The majority of species in the genus Lepidium have a base chromosome count of eight (Mummenhoff et al. 2001, p. 2051). Chromosome numbers for pollen mother cells in L. papilliferum ranged from 15 to 17 (n = 15.96 ± 0.16; Table 3; Figure 3), confirming that the plant is a tetraploid (has four sets of homologous chromosomes, as opposed to the more usual set of two) (Robertson et al. 2006b, p. 38).

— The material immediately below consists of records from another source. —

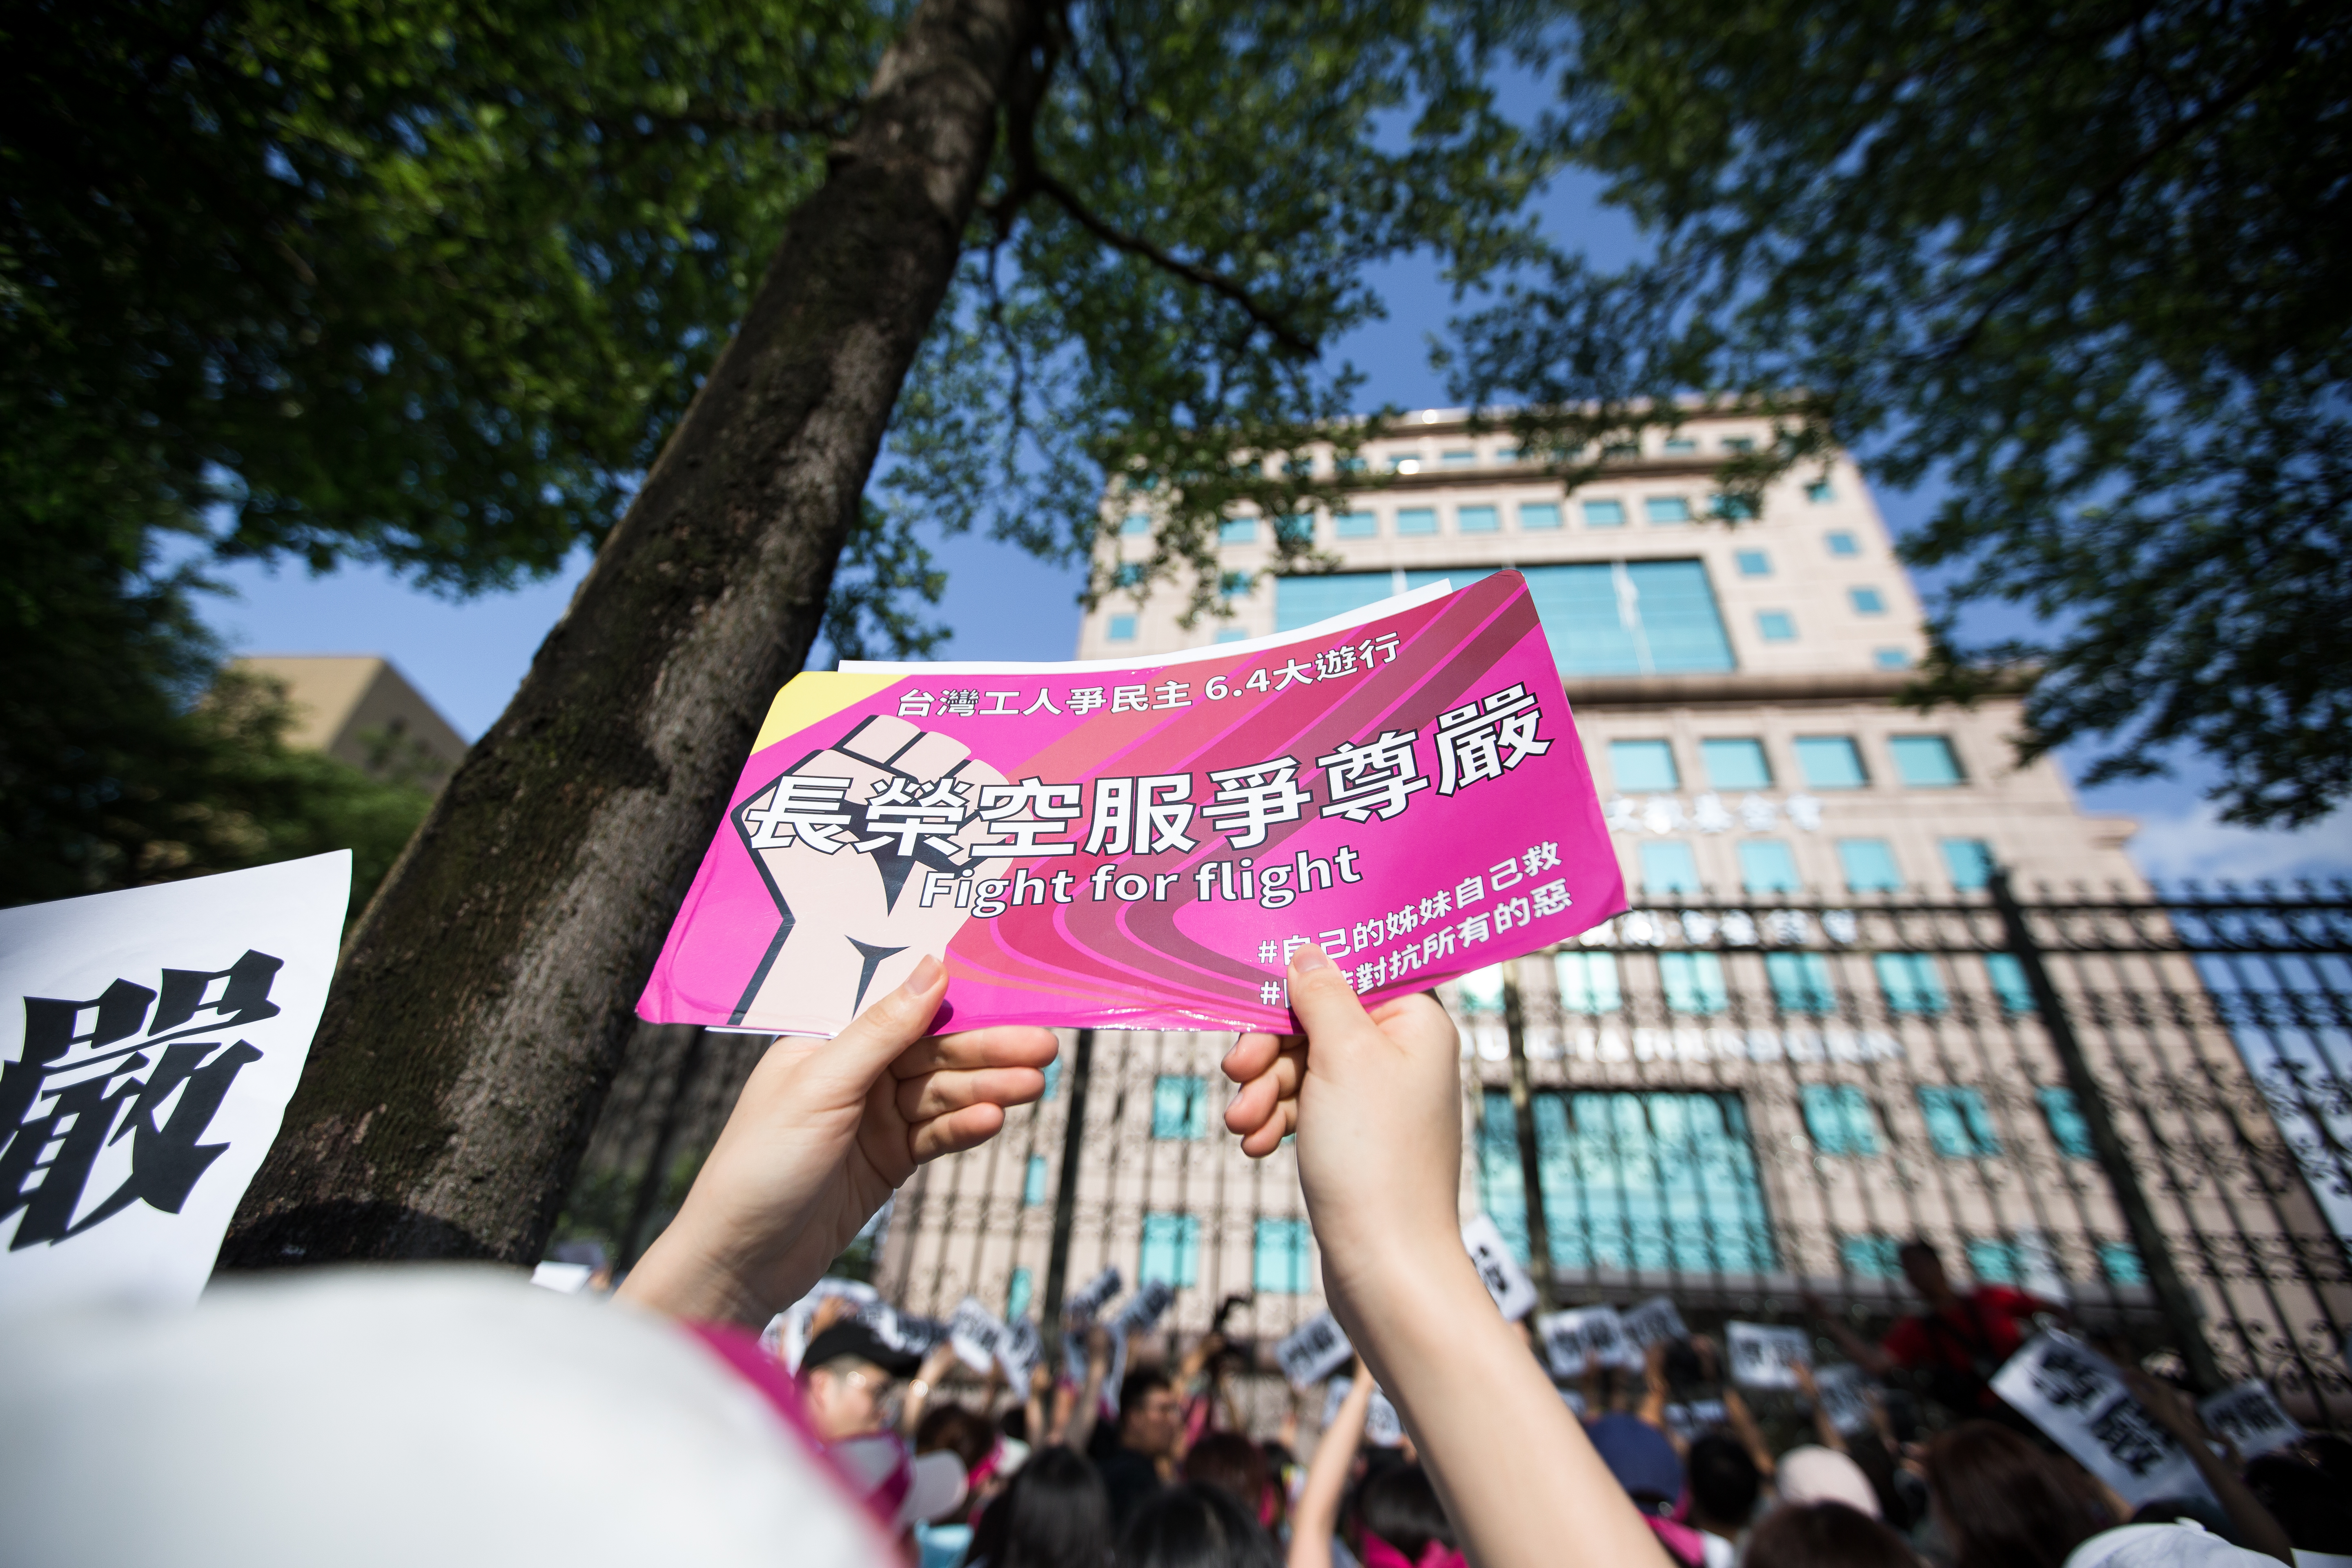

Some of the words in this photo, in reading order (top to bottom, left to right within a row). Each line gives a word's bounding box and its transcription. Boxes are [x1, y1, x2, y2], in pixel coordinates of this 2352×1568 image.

[897, 679, 1193, 717] 台灣工人爭民主
[1204, 631, 1402, 702] 6.4大遊行
[746, 683, 1555, 859] 長榮空服爭尊嚴
[919, 868, 1075, 918] Fight
[1091, 863, 1178, 902] for
[1195, 844, 1362, 909] flight
[1260, 878, 1573, 1008] #對抗所有的惡
[0, 949, 284, 1252] 嚴
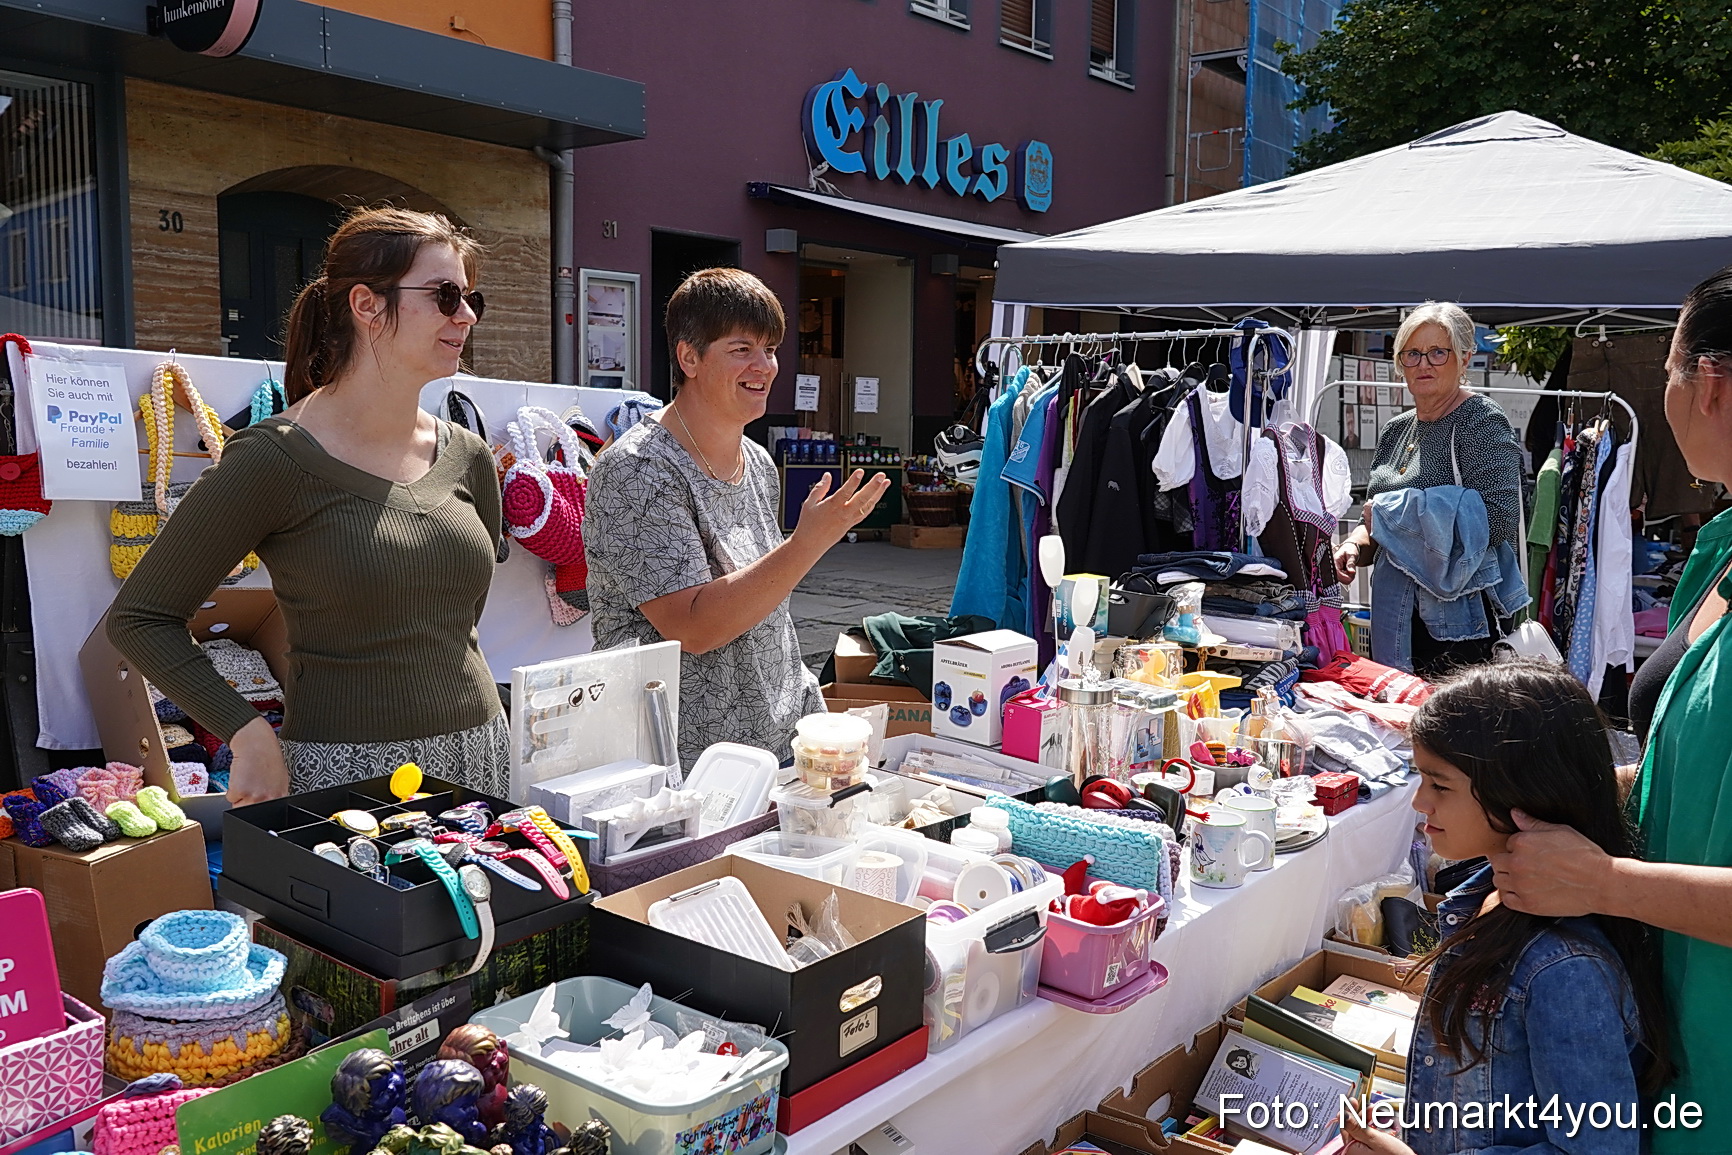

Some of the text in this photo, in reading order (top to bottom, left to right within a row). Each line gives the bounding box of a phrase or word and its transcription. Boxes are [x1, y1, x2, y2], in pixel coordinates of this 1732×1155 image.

[807, 67, 1010, 202] Eilles
[159, 209, 184, 233] 30
[602, 219, 618, 239] 31
[46, 373, 110, 388] Hier können
[47, 387, 114, 402] Sie auch mit
[69, 410, 122, 426] PayPal
[60, 422, 105, 434] Freunde
[71, 437, 110, 449] Familie
[66, 458, 118, 471] bezahlen!
[395, 1007, 432, 1030] Brettchens
[431, 1001, 441, 1013] ist
[440, 995, 456, 1009] über
[414, 1026, 430, 1043] alt
[194, 1119, 261, 1155] Kalorien
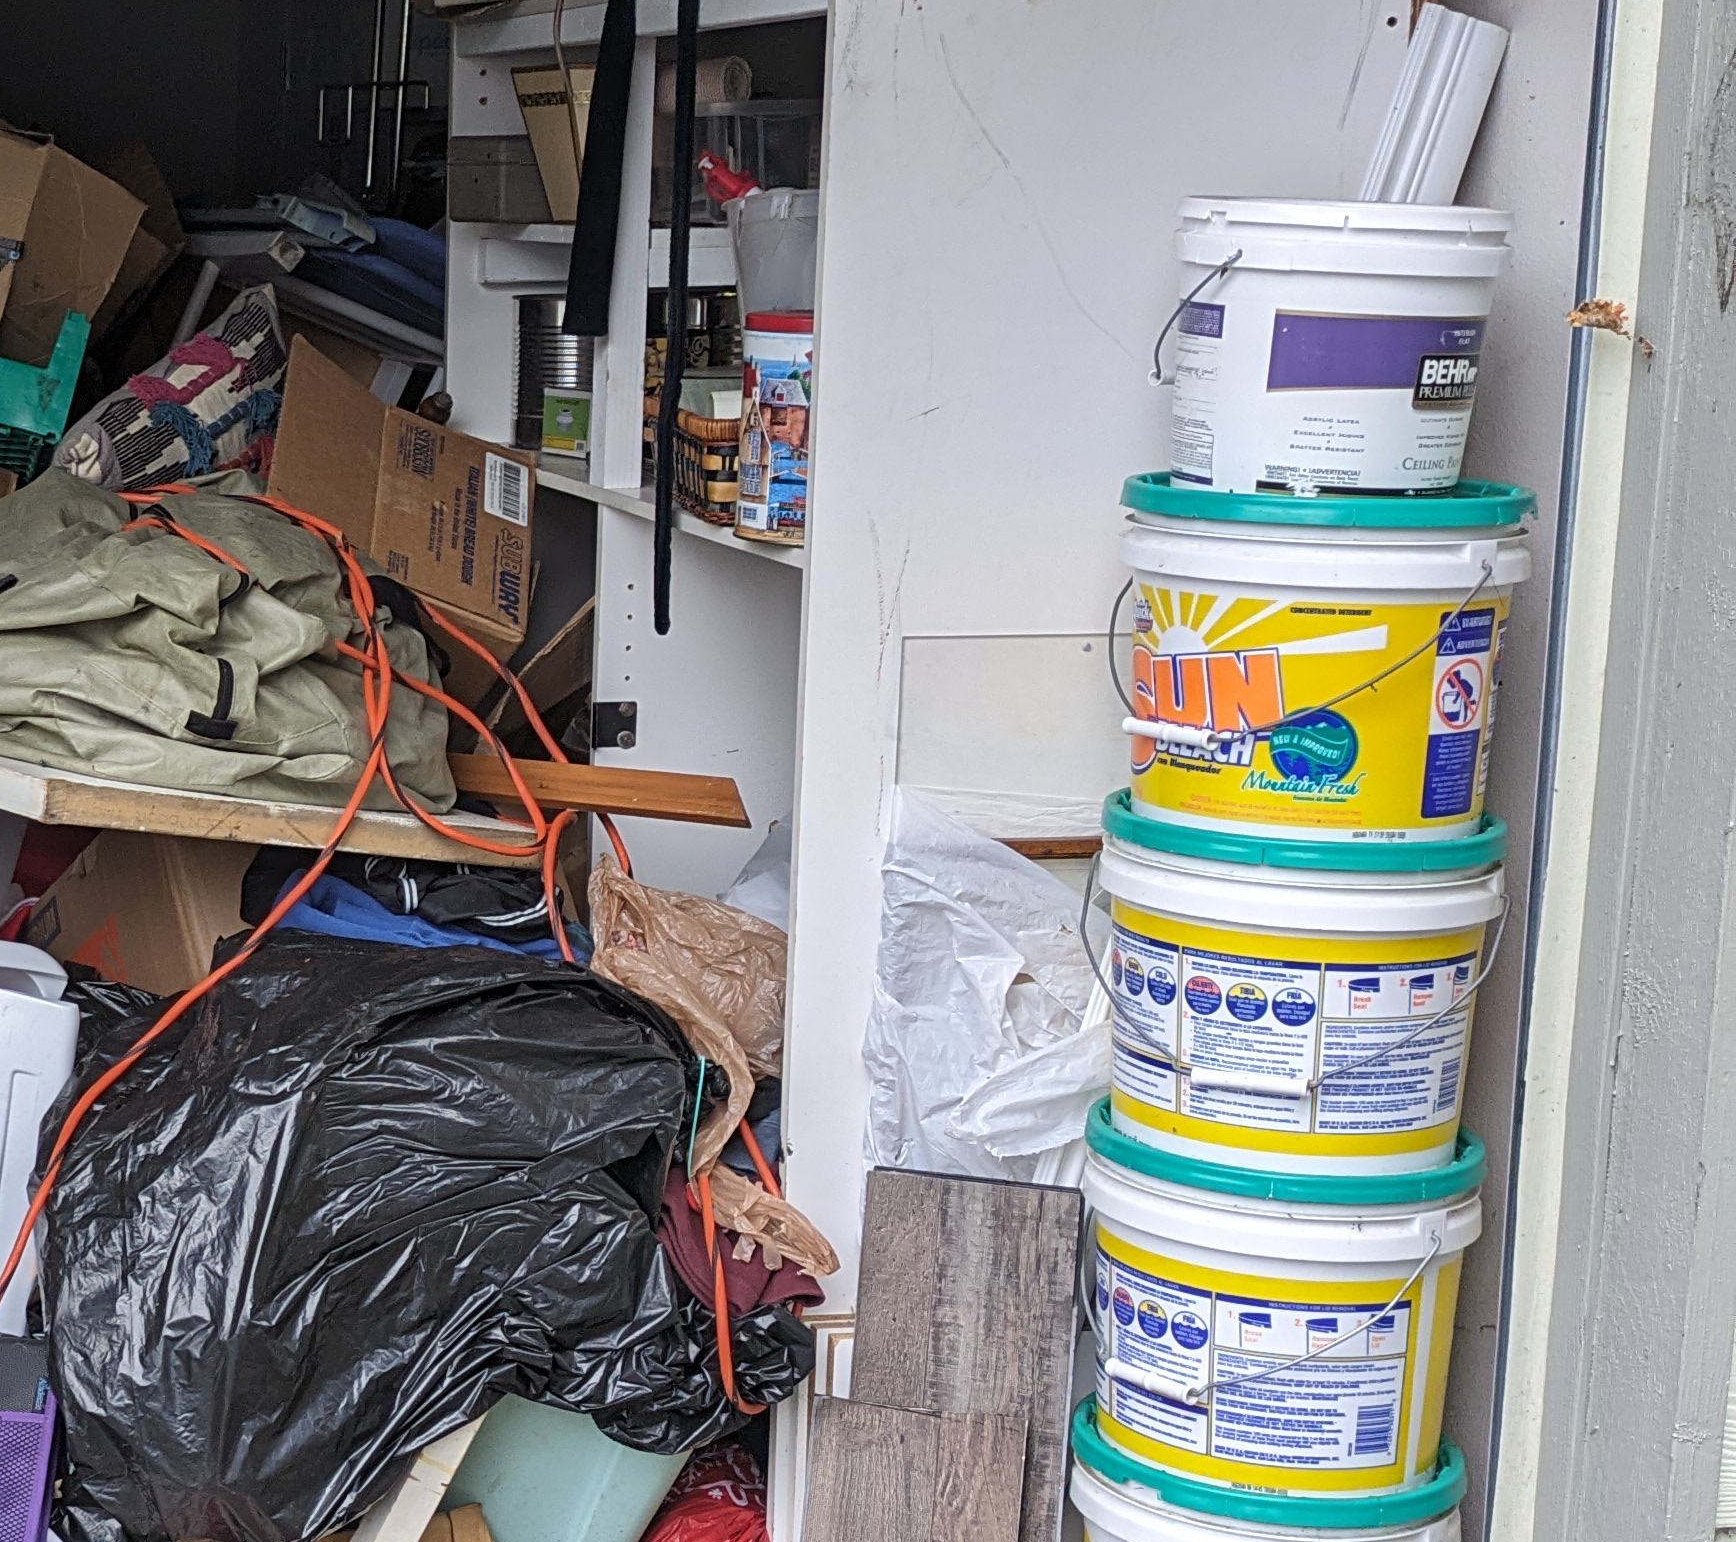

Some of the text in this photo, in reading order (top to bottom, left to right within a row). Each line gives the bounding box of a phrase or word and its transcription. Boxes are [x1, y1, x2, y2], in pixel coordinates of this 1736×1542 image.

[1421, 358, 1469, 385] BEHR
[1418, 385, 1463, 399] PREMIUM
[1401, 456, 1445, 471] CEILING
[466, 465, 481, 497] ITALIAN
[462, 525, 477, 556] BREAD
[497, 528, 525, 624] SUBWAY
[1132, 644, 1284, 775] SUN
[1273, 734, 1291, 747] NEW
[1300, 736, 1341, 760] IMPROVED!
[1240, 769, 1367, 797] Mountain Fresh
[1268, 1302, 1309, 1311] INSTRUCTIONS

The genetics of Lepidium papilliferum have been studied using samples collected from areas across the entire range of the species (Stillman et al. 2005, pp. 6, 8, 9; Larson et al. 2006, p. 14 and Fig. 4; Smith et al. in press, pp. 15-16). Genetic exchange can occur either through pollen or seed dispersal. Some researchers consider L. papilliferum to be closely related to L. montanum, and L. papilliferum was originally described as L. montanum var. papilliferum in 1900 by Louis Henderson. Results of genetic studies comparing L. papilliferum with L. montanum indicate that L. papilliferum forms a monophyletic group or subgroup that is genetically distinct from L. montanum (Larson et al. 2006, p. 13 and Figs. 4, 8; Smith 2006, pp. 5-7, Fig. 1). A more recent study examining the relationship between L. montanum, L. papilliferum, and L fremontii found that L. papilliferum is considered a sister taxa or closely related to L. fremontii, a native mustard of western North America (Smith et al. in press, pp. 15-16). Both L. fremontii and L. papilliferum are morphologically and ecologically distinct from L. montanum, and recent analyses reflect that both are monophyletic (organisms that share a common ancestor) with apparently little gene flow between them and L. montanum (Smith et al. in press, p. 18).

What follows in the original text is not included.